[About this task]: The entries are to be duplicated exactly, though any picture in them must be omitted.

[Provided records]:
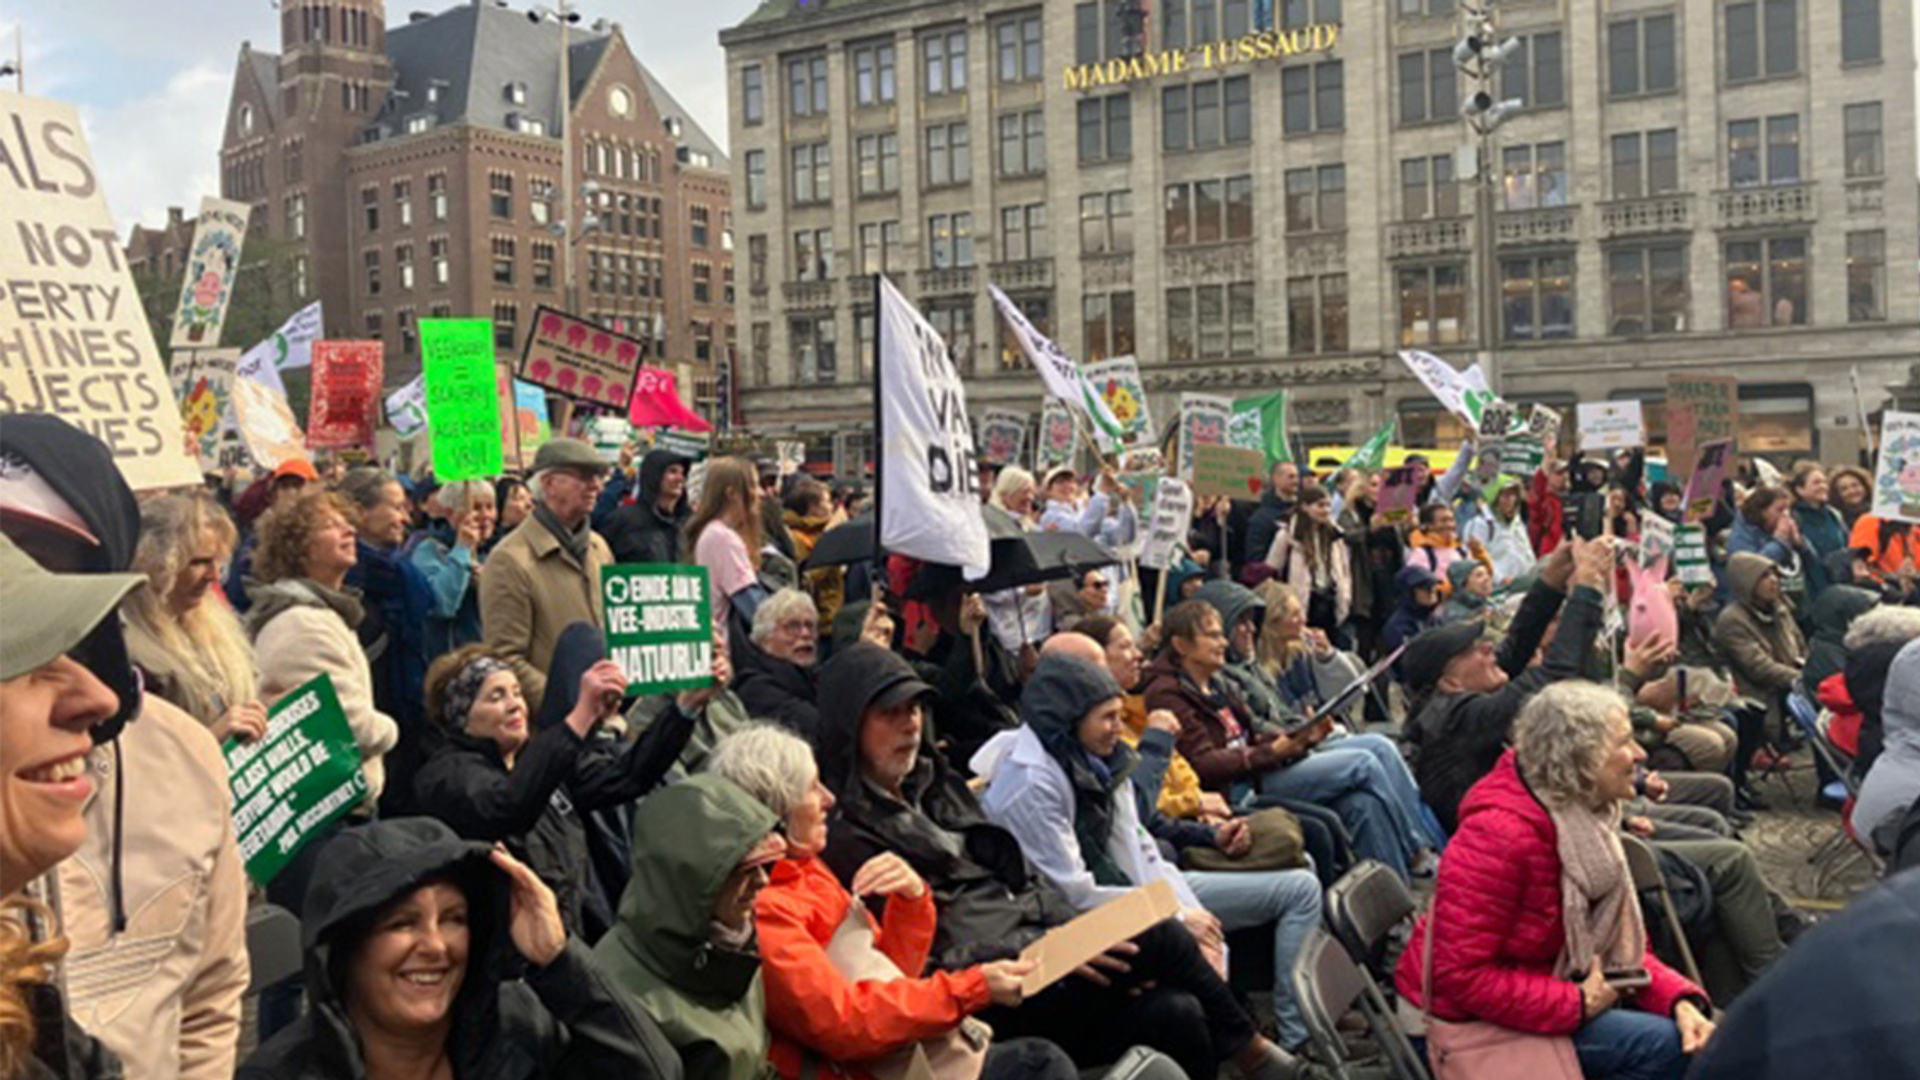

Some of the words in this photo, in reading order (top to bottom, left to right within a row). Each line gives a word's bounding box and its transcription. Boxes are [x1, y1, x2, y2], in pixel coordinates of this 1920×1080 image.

[1063, 51, 1189, 90] MADAME
[16, 220, 120, 273] NOT
[630, 575, 670, 602] EINDE
[269, 753, 314, 796] WOULD
[308, 740, 331, 767] BE
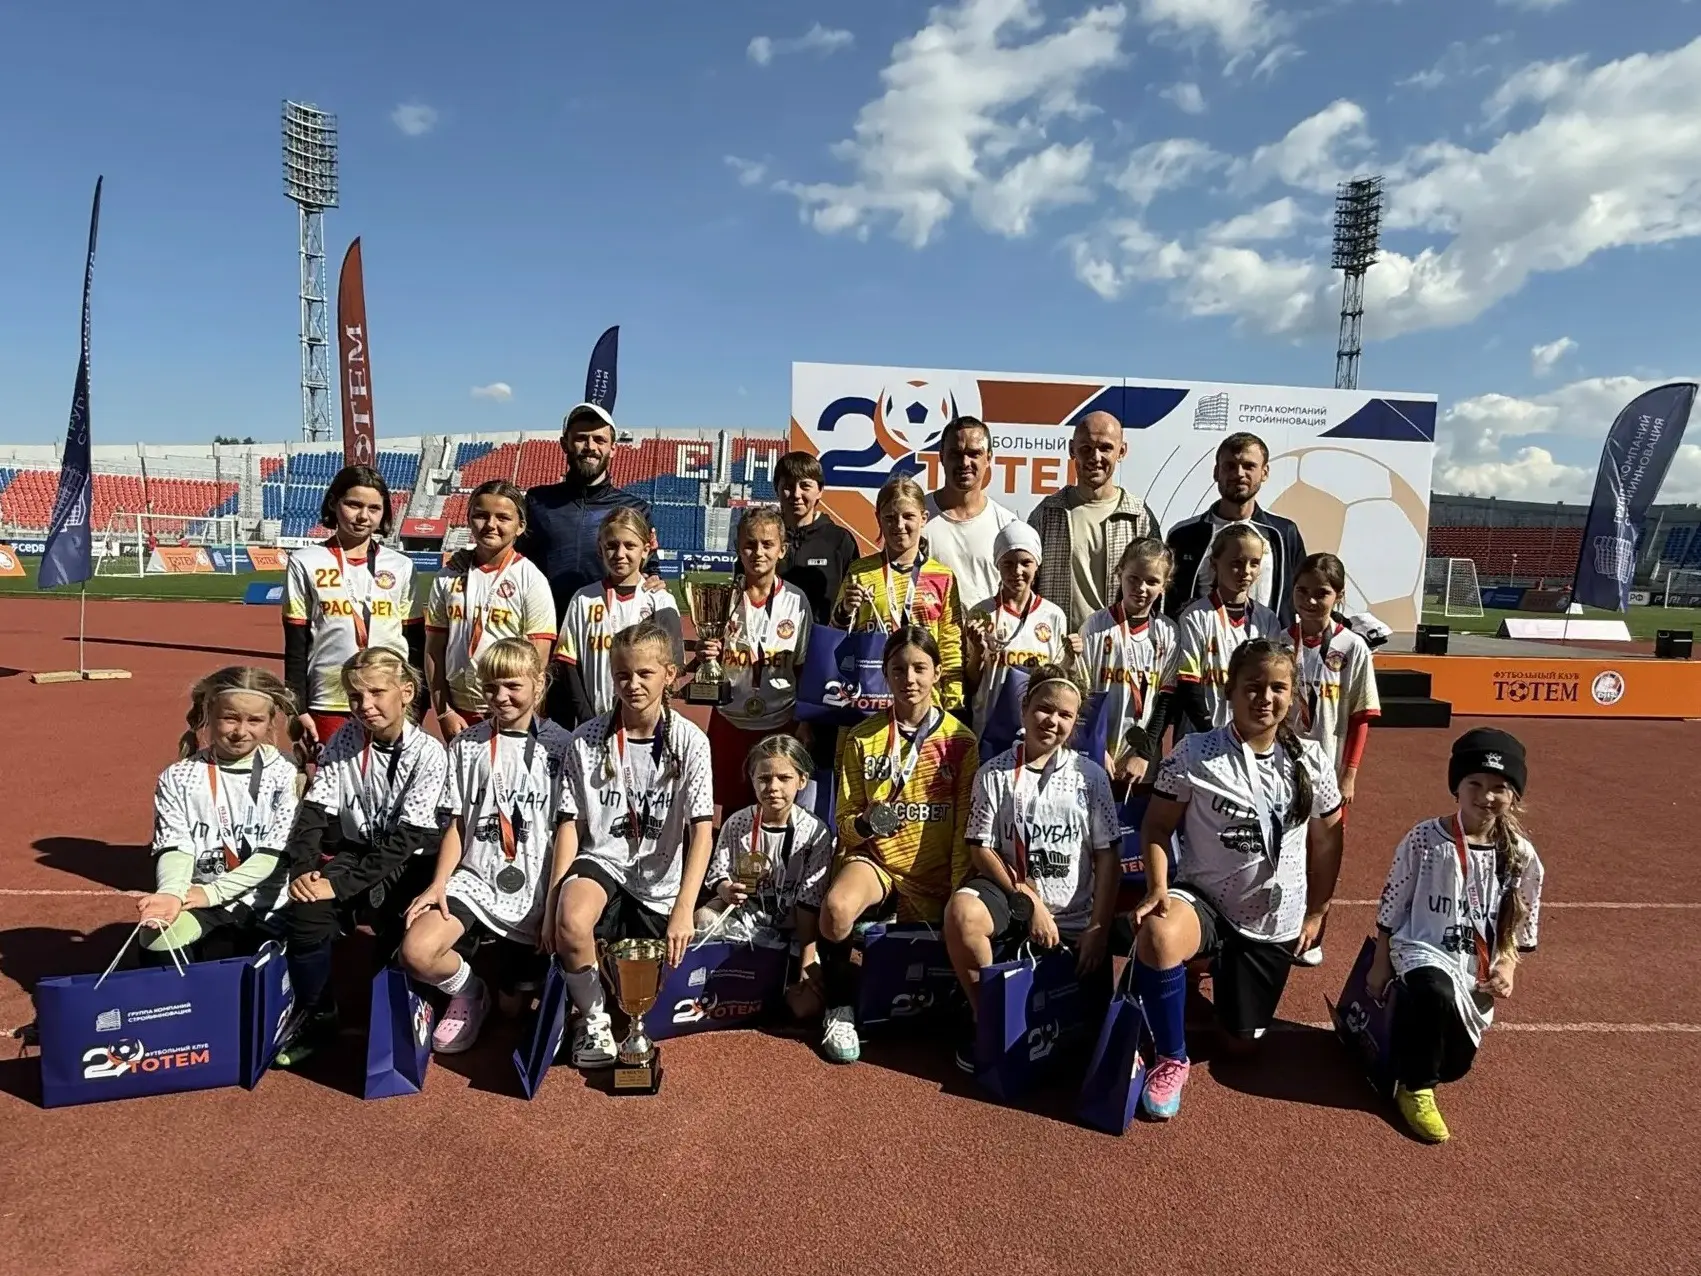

[Task result]:
Some of the words in this photo, in reading order (top to bottom, left to right within a row). Each line gives a word's bounding box and its transcription. Boxes are [x1, y1, x2, y2], in pixel coordinates of this 1920×1080 image.

[1063, 51, 1189, 90] MADAME
[16, 220, 120, 273] NOT
[630, 575, 670, 602] EINDE
[269, 753, 314, 796] WOULD
[308, 740, 331, 767] BE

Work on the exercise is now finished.